本発明は、細胞外小胞の製造方法に関する。
従来、薬理効果の増強および副作用の軽減などの観点から、体内での薬物の分布を、空間的、時間的および量的に制御する技術についての検討が行われている。前記技術はドラックデリバリーシステム(DDS)と呼ばれており、近年では、例えば、がん細胞などの目的の細胞に対して目的の薬剤を効率よく作用させるべく、細胞レベルでのDDS技術の向上が望まれている。
このような細胞レベルでのDDSに関する技術として、たとえば、特許文献1に記載の技術が知られている。特許文献1には、抗腫瘍活性を有する化合物等の外来物質を対象細胞(例えばがん細胞)内に導入するためのエクソソームであって、前記外来物質等を内包するエクソソームが提案されている。
国際公開2016/076347号
上記特許文献1には、外来物質等をエクソソームに内包させる方法として、エレクトロポーション法(電気穿孔法)が記載されている。前記エレクトロポーション法では、外来物質等を含む懸濁液に所定の電気パルスを負荷してエクソソームに微小な穴をあけることにより、外来物質等が導入されるため、エクソソームが破壊されることがある。また、前記方法では、エクソソーム内への外来物質等の導入率が低い(外来物質等の内包量が少ない)という問題もあり、改善が求められている。
本発明の課題は、核酸医薬の内包量を向上させることが可能な細胞外小胞の製造方法を提供することである。

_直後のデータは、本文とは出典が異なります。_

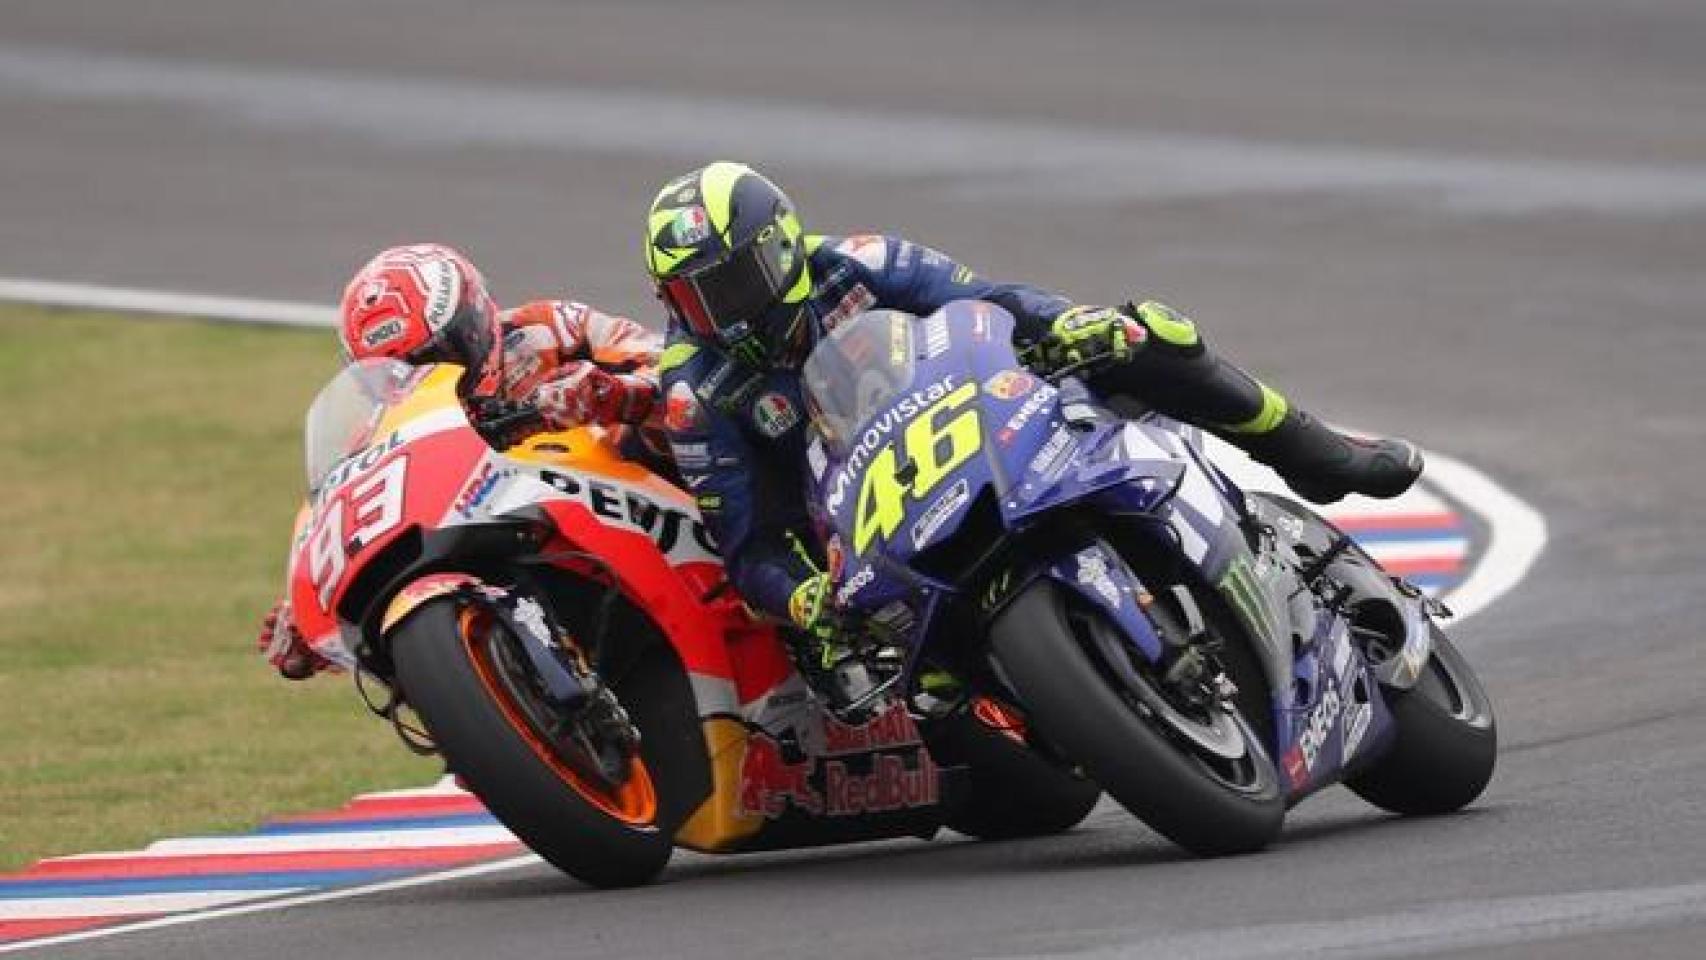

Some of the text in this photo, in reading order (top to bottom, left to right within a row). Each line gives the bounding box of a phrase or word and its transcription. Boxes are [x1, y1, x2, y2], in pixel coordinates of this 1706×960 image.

本発明者らは前記課題を解決すべく鋭意検討した結果、本発明に到達した。即ち本発明は、核酸医薬を内包する細胞外小胞の製造方法であって、核酸医薬の存在下、細胞外小胞の供給源細胞を培養する工程1を含み、工程1で用いる核酸医薬は、3’末端及び5’末端がそれぞれ修飾されたセンス鎖と、アンチセンス鎖と、を有する核酸医薬である細胞外小胞の製造方法である。
本発明によれば、核酸医薬の内包量を向上させることが可能な細胞外小胞の製造方法を提供できる。
本発明の細胞外小胞の製造方法は、核酸医薬の存在下、細胞外小胞の供給源細胞を培養する工程1を含む。工程1は核酸医薬の存在下、細胞外小胞の供給源細胞を培養する工程である。以下の説明において、「配列(1)」とは、本明細書中または配列表における「配列番号(1)」を意味し、配列(1)以外の配列についても同様である。
核酸医薬は遺伝子発現を介さずに直接生体に作用する。また、核酸医薬は標的物質に対し、高い特異性を有する医薬である。核酸医薬としては、siRNA、二本鎖ヘテロ核酸などがあげられる。工程1で用いる核酸医薬は、3’末端及び5’末端がそれぞれ修飾されたセンス鎖と、アンチセンス鎖と、を有する。
工程1で用いる核酸医薬としては、3’末端が核酸アプタマーまたはポリエチレングリコール鎖により修飾されているセンス鎖を有する核酸医薬、および5’末端がポリエチレングリコール鎖を有する化合物または核酸アプタマーにより修飾されているセンス鎖を有する核酸医薬が好ましく、3’末端が核酸アプタマーにより修飾され、かつ、5’末端がポリエチレングリコール鎖を有する化合物により修飾されているセンス鎖を有する核酸医薬がより好ましい。3’末端が核酸アプタマーにより修飾されているセンス鎖を有する核酸医薬は、細胞外小胞内へ導入されやすいので、細胞外小胞における核酸医薬内包量を多くすることができる。5’末端がポリエチレングリコール鎖を有する化合物により修飾されているセンス鎖を有する核酸医薬は、分解酵素による分解を抑制するため安定性に優れ、対象となる細胞での滞留時間を長くすることができる。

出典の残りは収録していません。